BN: As far as code enforcement goes, can you identify some specific problems and solutions for the Town of Naples? For example are there state building code or state shoreland code that needs to be brought up to standard?

JH: I am not able to adequately respond to this question at this time. I have not had an opportunity to establish goals with the Board of Selectmen. Reviewing all municipal service needs will be something for me to look at once I am in office but I will need to receive my priorities from the board of selectmen.

BN: Following the interview process, which was conducted by the Naples Board of Selectmen, what do you think are the highest priority issues in Naples?

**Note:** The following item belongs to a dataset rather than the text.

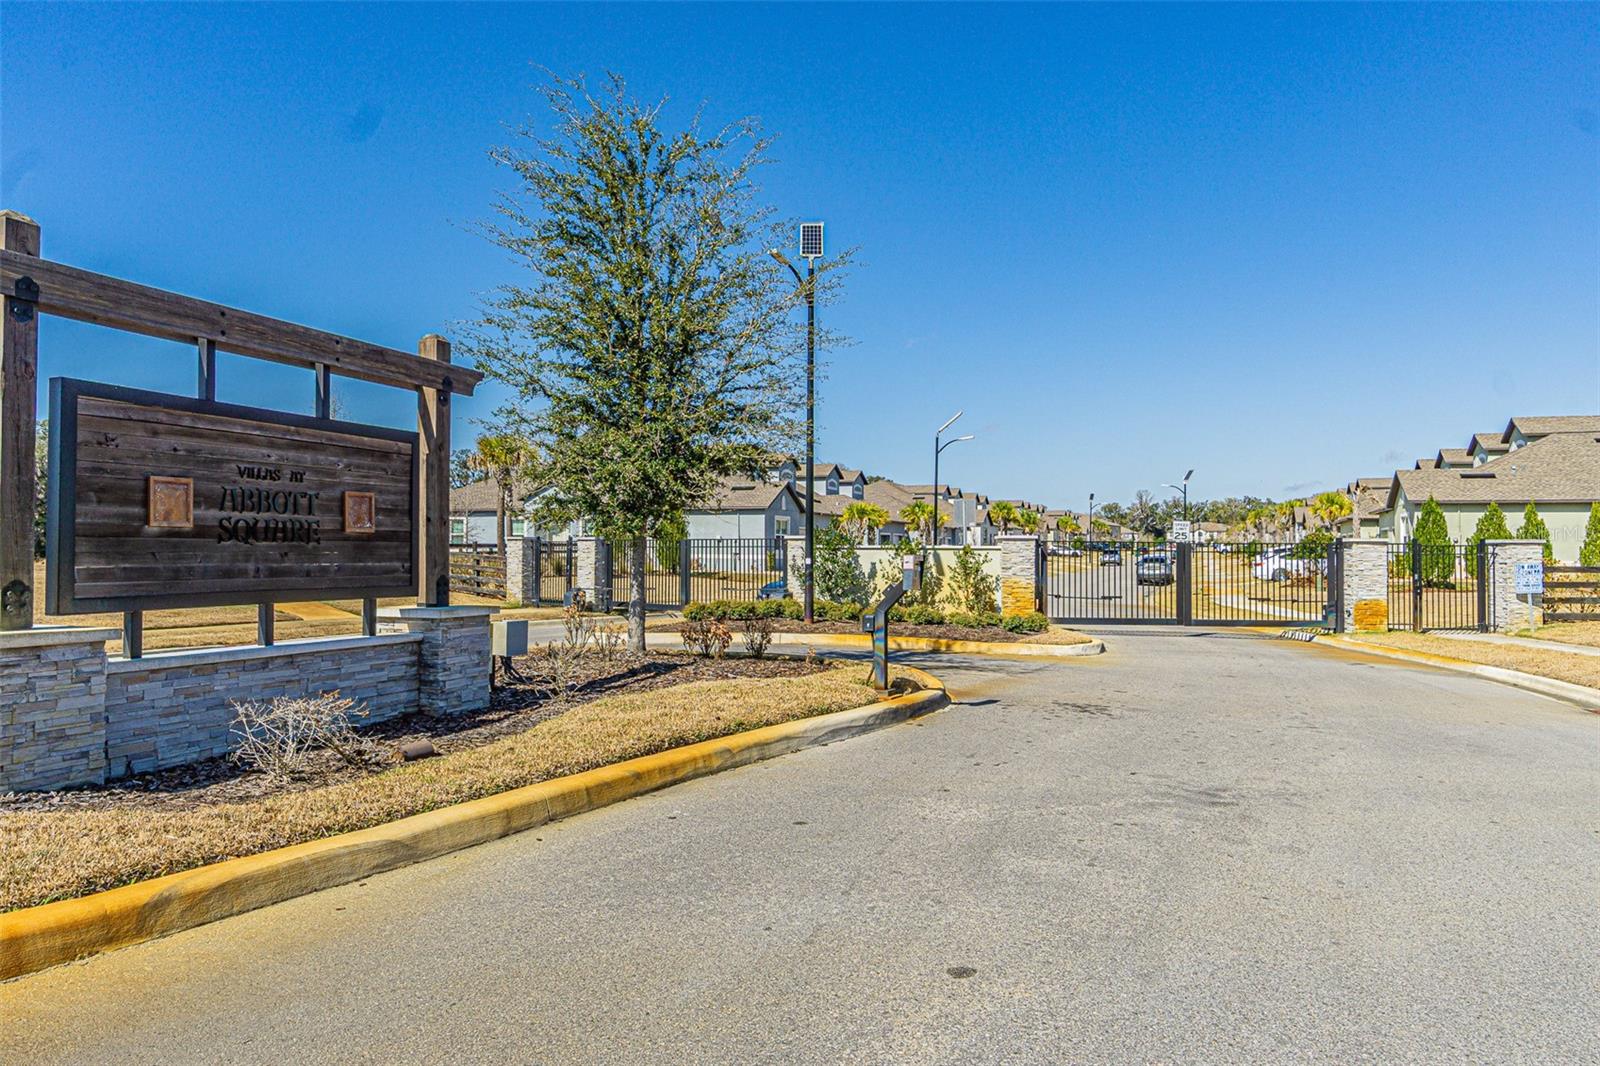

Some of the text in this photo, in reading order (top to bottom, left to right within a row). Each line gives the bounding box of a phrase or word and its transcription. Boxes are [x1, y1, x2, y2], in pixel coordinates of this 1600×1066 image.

JH: During the interview process, the selectmen were very open with what they perceive to be areas that will need attention in the community. They wanted to be sure that I knew what I was getting into. For the record, there were no earth-shattering issues. But like I stated previously, the priorities have not been established by the board. That will take place not long after I begin.

BN: You are starting this job at the same time that the budget-process is happening. What might be some the pros and cons of that being one of your first tasks?

JH: Fortunately, a pro is that budgeting is not that dissimilar from one community to the next. Coming into a process that has already begun will certainly require me to do some catching up but from what I have learned so far, Naples seems to have a pretty good handle on their budget. I will still have access to both the previous town manager and the current interim. Both have committed to helping get through the first budget until I am more familiar. I don’t really see any cons with coming late to the table.

BN: Speaking of 1st tasks – what do you consider to be the necessities and the priorities during the first six months (Feb – Aug.) of your job?

JH: First priorities will be learning all that I can about the community, its public services and businesses. I will need to establish relationships with the staff and various boards and committees. It will then be very necessary to look at policies and procedures, finances and receive direction from the Board of Selectmen. Not having the advantage of being from the area, I will need some time just to acclimate with my new surroundings.

BN: Please could you tell our readers about the first time you visited Naples or whatever experiences you’ve had w/ friends and family enjoying leisure time in Naples?

JH: Although not from the area, Naples is not foreign to me. I cannot remember my first time, but my family and friends have frequented Naples both for dining and entertainment as well as the outdoor offerings. I have always admired the causeway area, especially after the rehabilitation. Naples is a beautiful community that has a lot to offer.

BN: It is your turn – please choose a question you would like to answer?

JH: I grew up in Mechanic Falls attending Elm Street School, went on to high school at Edward Little in Auburn. I have an Associate’s Degree in Business Administration and Management from Central Maine Community College and a Bachelor’s Degree in Public Administration from Southern New Hampshire University.

I am looking forward to getting started. I have met with the Select Board, met the town office staff and some of the budget committee members. Everyone has been very welcoming and I hope that people will view me as a worthy selection for Naples. I haven’t learned anything about Naples at this point that would cause me to rethink my return to municipal government. I left a great community (Mechanic Falls) in which I had vast love and appreciation for. I grew up there and worked for the town for a very long time. I had reached a point where I just knew it was time to move on to something new.